Capturing carbon dioxide from the atmosphere isn't going to be enough: we need to rethink our economies
Enrique Dans
Senior Advisor for Innovation and Digital Transformation at IE University. Changing education to change the world...
How best to capture carbon dioxide from the atmosphere is among the leading technological challenges of the moment: current concentrations of carbon dioxide in the air is around 410 parts per million, which has already triggered a greenhouse effect capable of raising the temperature of the planet to 1oC above pre-industrial levels, which in turn is already creating prolonged droughts, forest fires and natural disasters.
As levels increase, these extreme weather phenomena will become more frequent. The IPCC’s latest report, backed by the scientific community, concludes there is no possibility of containing warming to 1.5oC if we don’t remove between one hundred billion and one trillion metric tons of carbon dioxide from the atmosphere before the end of the century.
Carbon dioxide is naturally removed from the atmosphere through trees and plants that then leave it in the soil, but that is no longer efficient enough and would require dedicating large areas of land now used for crops. Scientists are working on ways to genetically enhance the ability of plants to fix carbon dioxide in the soil, improving their root development, which could contribute to a reduction of between 20% and 46% of the carbon dioxide that these plants emit, which, while an important improvement, would still be insufficient.

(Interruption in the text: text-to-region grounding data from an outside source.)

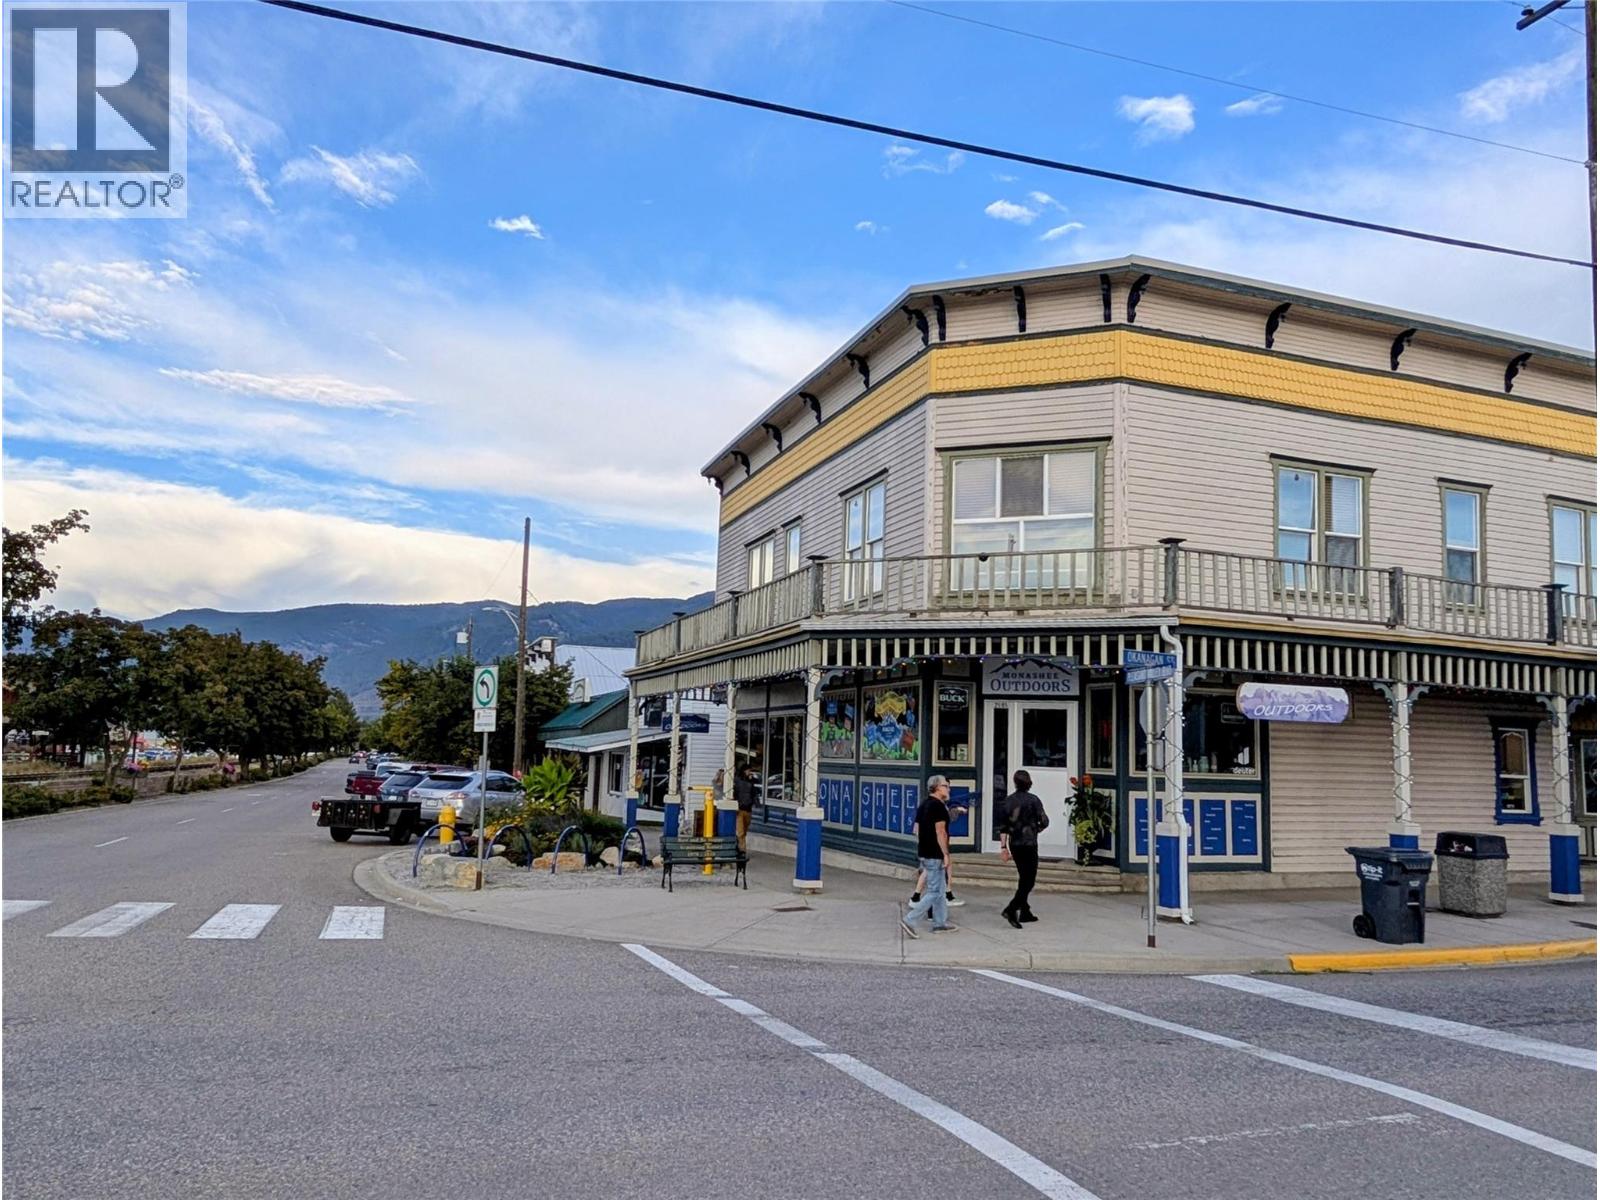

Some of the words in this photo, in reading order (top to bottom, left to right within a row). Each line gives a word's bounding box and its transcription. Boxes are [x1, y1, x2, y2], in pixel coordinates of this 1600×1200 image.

[1127, 651, 1164, 665] OKANAGAN
[1002, 671, 1060, 680] MONASHEE
[990, 678, 1072, 693] OUTDOORS
[939, 694, 965, 703] BUCK
[1253, 703, 1334, 717] OUTDOORS

Hence, the focus is increasingly being placed also on developing technologies capable of removing carbon dioxide from the atmosphere artificially, either by reverting it to solid carbon particles, using it to obtain electricity or hydrogen or by incorporating it into the production of materials like polymers capable of self-healing by using atmospheric carbon dioxide, as well as clothing, animal feed, mattresses, toothpaste, jet fuel, vehicles, cement, plastics or shoes, all being explored by a wide variety of companies fed, among others, by funds to finance projects created in incubators such as Y Combinator. Capturing carbon dioxide from the atmosphere is not easy, because it only accounts for 0.04% of the molecules in it, but it is absolutely fundamental, given its effects, and what’s more, we have to do it in very high volumes. The problem, of course, is the cost of these technologies.
The good news? That at least we are now starting to move in this direction, and that without the development and application of this type of technology, nothing we might do in terms of decarbonization and reduction of emissions would be sufficient.

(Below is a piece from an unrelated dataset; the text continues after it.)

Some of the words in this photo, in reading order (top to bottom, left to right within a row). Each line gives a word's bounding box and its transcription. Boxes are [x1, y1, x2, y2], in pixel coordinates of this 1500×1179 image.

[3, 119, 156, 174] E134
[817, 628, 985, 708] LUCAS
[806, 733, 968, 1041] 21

The bad news? The same: removing carbon dioxide from the atmosphere, even if we were able to do it very efficiently, is not enough on its own, and that, therefore, the aggressive decarbonization of the economy at a much faster rate than our politicians and business leaders seem able to grasp. To continue ignoring this framing action in terms of decades is equivalent to absolute and unforgivable negligence. As George Monbiot says, “perpetual growth on a finite planet leads inexorably to environmental calamity.”
Ideas, research, technology, development and a lot of gray matter are being applied to the most important challenge in the history of humanity. And have no doubts: we’re not talking about theories or hypotheses anymore, we’re talking about science, technology and how to avoid killing our habitat and that of most other creatures within a few decades. The world will survive one way or the other, but we are now facing the end of humanity, which should be of concern to us all, to say the least.